:: Problem to work on ::
Down to the last line, repeat the data below exactly.

++++ Source data

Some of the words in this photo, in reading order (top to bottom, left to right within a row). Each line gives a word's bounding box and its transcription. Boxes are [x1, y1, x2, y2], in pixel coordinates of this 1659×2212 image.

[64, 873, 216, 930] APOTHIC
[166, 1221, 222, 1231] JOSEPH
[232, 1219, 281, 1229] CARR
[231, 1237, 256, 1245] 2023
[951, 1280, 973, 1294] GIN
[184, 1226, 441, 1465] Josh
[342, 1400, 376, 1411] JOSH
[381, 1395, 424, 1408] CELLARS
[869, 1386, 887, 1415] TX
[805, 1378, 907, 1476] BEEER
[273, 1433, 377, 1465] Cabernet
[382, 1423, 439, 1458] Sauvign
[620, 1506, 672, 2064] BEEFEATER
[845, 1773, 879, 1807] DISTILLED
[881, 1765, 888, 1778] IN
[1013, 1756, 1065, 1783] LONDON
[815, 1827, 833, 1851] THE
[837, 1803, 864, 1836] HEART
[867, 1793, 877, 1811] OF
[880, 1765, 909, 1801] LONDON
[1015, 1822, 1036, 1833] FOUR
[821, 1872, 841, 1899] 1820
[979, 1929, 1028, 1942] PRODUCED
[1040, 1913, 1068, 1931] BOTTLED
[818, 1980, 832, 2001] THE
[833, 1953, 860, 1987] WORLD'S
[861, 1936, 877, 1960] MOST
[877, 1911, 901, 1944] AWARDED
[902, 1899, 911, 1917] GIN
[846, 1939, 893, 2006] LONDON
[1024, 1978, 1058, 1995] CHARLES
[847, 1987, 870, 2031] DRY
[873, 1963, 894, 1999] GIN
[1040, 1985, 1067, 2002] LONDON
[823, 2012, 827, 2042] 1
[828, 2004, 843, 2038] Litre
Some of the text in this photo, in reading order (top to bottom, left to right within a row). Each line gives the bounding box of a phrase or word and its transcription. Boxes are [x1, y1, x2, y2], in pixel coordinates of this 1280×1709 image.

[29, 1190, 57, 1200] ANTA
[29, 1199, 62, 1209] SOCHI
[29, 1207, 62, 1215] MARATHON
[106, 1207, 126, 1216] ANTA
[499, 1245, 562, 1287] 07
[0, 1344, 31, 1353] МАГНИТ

++++++++

:: Written response ::
Some of the words in this photo, in reading order (top to bottom, left to right within a row). Each line gives a word's bounding box and its transcription. Boxes are [x1, y1, x2, y2], in pixel coordinates of this 1659×2212 image.

[64, 873, 216, 930] APOTHIC
[166, 1221, 222, 1231] JOSEPH
[232, 1219, 281, 1229] CARR
[231, 1237, 256, 1245] 2023
[951, 1280, 973, 1294] GIN
[184, 1226, 441, 1465] Josh
[342, 1400, 376, 1411] JOSH
[381, 1395, 424, 1408] CELLARS
[869, 1386, 887, 1415] TX
[805, 1378, 907, 1476] BEEER
[273, 1433, 377, 1465] Cabernet
[382, 1423, 439, 1458] Sauvign
[620, 1506, 672, 2064] BEEFEATER
[845, 1773, 879, 1807] DISTILLED
[881, 1765, 888, 1778] IN
[1013, 1756, 1065, 1783] LONDON
[815, 1827, 833, 1851] THE
[837, 1803, 864, 1836] HEART
[867, 1793, 877, 1811] OF
[880, 1765, 909, 1801] LONDON
[1015, 1822, 1036, 1833] FOUR
[821, 1872, 841, 1899] 1820
[979, 1929, 1028, 1942] PRODUCED
[1040, 1913, 1068, 1931] BOTTLED
[818, 1980, 832, 2001] THE
[833, 1953, 860, 1987] WORLD'S
[861, 1936, 877, 1960] MOST
[877, 1911, 901, 1944] AWARDED
[902, 1899, 911, 1917] GIN
[846, 1939, 893, 2006] LONDON
[1024, 1978, 1058, 1995] CHARLES
[847, 1987, 870, 2031] DRY
[873, 1963, 894, 1999] GIN
[1040, 1985, 1067, 2002] LONDON
[823, 2012, 827, 2042] 1
[828, 2004, 843, 2038] Litre
Some of the text in this photo, in reading order (top to bottom, left to right within a row). Each line gives the bounding box of a phrase or word and its transcription. Boxes are [x1, y1, x2, y2], in pixel coordinates of this 1280×1709 image.

[29, 1190, 57, 1200] ANTA
[29, 1199, 62, 1209] SOCHI
[29, 1207, 62, 1215] MARATHON
[106, 1207, 126, 1216] ANTA
[499, 1245, 562, 1287] 07
[0, 1344, 31, 1353] МАГНИТ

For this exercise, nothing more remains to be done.